Look below for the line with "this 1500×2000 image.". Extract that line and each one after it through the last, word for word.

Source data section start

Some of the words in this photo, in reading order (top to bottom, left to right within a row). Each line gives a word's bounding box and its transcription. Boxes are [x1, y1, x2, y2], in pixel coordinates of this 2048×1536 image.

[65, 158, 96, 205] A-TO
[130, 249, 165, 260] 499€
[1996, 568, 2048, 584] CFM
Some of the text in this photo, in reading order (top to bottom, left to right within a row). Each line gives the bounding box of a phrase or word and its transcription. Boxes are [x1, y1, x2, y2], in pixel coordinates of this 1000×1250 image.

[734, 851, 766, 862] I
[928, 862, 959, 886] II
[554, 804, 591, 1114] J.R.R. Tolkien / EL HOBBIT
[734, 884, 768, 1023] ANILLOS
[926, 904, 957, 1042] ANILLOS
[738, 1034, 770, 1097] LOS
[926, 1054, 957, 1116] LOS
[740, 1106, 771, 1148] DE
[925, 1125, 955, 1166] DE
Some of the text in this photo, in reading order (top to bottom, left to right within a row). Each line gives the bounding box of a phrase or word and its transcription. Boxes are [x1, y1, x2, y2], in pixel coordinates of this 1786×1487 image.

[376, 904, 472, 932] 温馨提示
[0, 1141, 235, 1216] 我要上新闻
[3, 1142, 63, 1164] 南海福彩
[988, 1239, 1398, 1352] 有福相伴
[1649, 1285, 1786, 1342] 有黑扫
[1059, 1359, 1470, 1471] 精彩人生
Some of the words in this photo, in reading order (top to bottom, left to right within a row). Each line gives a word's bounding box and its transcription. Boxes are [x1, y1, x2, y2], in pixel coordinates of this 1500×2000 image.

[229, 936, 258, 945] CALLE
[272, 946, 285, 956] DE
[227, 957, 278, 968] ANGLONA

Source data section end

#### Output for this exercise
Some of the words in this photo, in reading order (top to bottom, left to right within a row). Each line gives a word's bounding box and its transcription. Boxes are [x1, y1, x2, y2], in pixel coordinates of this 1500×2000 image.

[229, 936, 258, 945] CALLE
[272, 946, 285, 956] DE
[227, 957, 278, 968] ANGLONA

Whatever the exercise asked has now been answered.